(TASK DETAILS) Your copy of the entries must be exact, and it must not include the pictures.

(LISTED RECORDS)
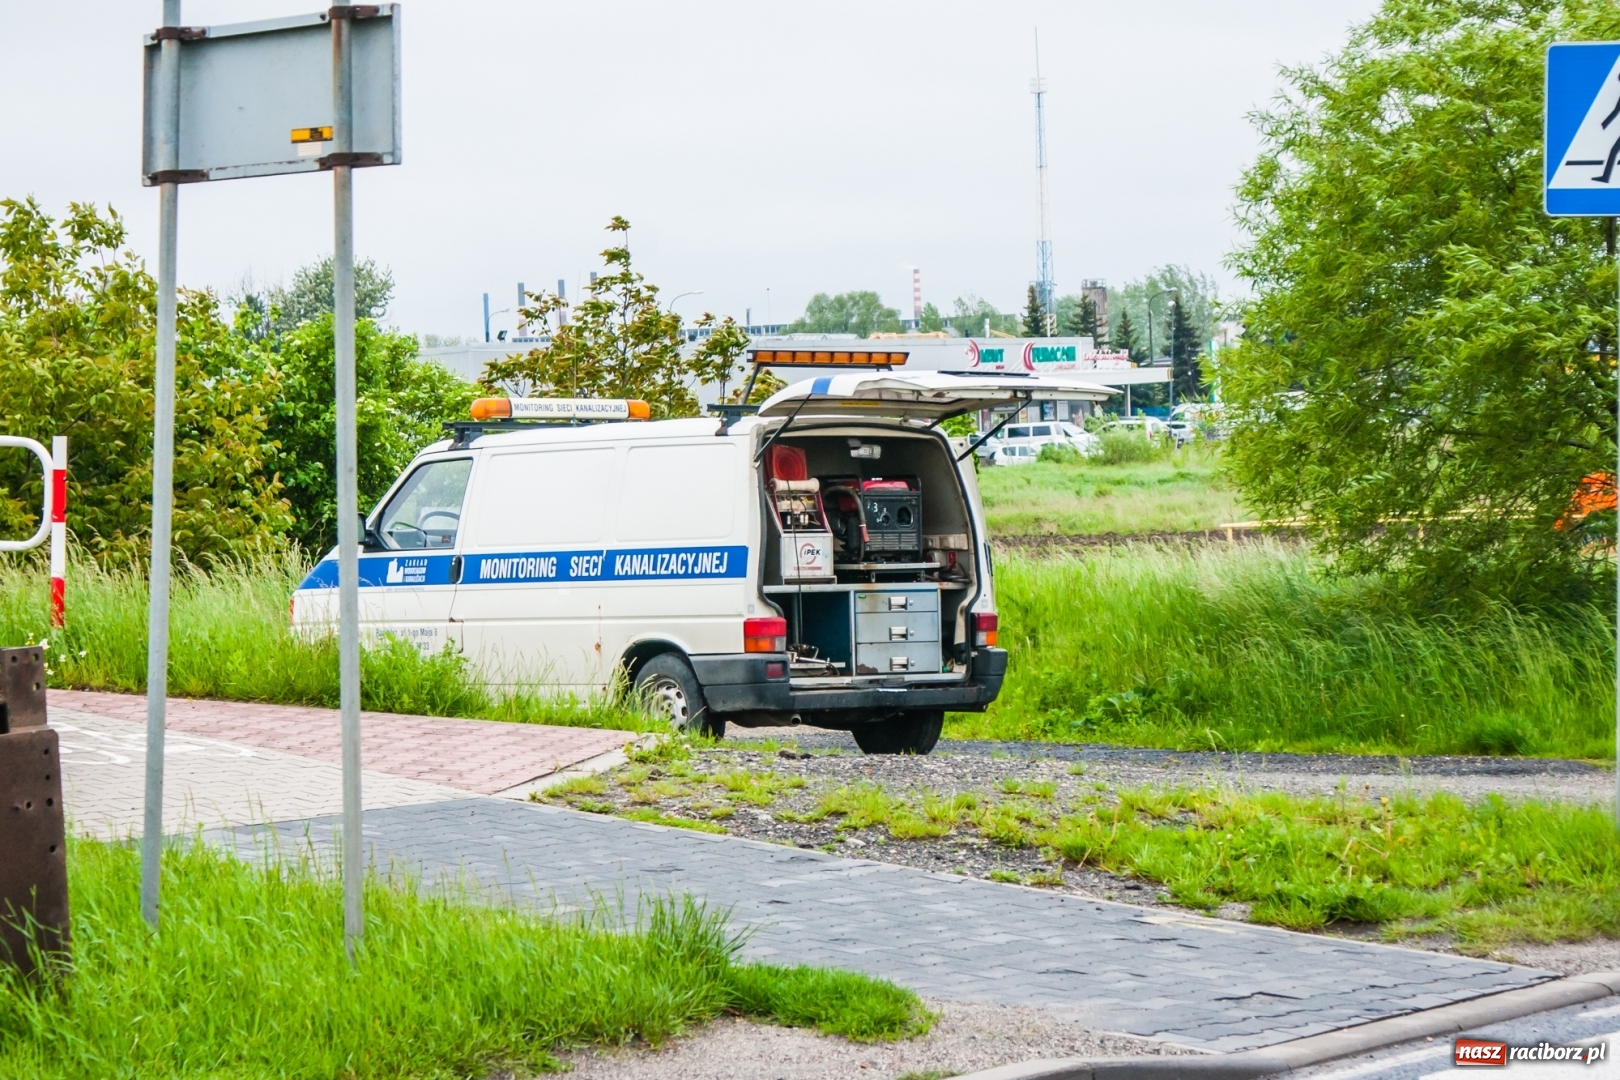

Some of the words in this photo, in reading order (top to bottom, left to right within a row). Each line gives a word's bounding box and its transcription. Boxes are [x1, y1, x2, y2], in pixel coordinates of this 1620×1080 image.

[514, 403, 554, 412] MONITORING
[557, 403, 573, 412] SIECI
[576, 403, 627, 412] KANALIZACYJNEJ
[479, 557, 557, 580] MONITORING
[569, 555, 603, 577] SIECI
[614, 552, 729, 576] KANALIZACYJNEJ

(THE ANSWER)
Some of the words in this photo, in reading order (top to bottom, left to right within a row). Each line gives a word's bounding box and its transcription. Boxes are [x1, y1, x2, y2], in pixel coordinates of this 1620×1080 image.

[514, 403, 554, 412] MONITORING
[557, 403, 573, 412] SIECI
[576, 403, 627, 412] KANALIZACYJNEJ
[479, 557, 557, 580] MONITORING
[569, 555, 603, 577] SIECI
[614, 552, 729, 576] KANALIZACYJNEJ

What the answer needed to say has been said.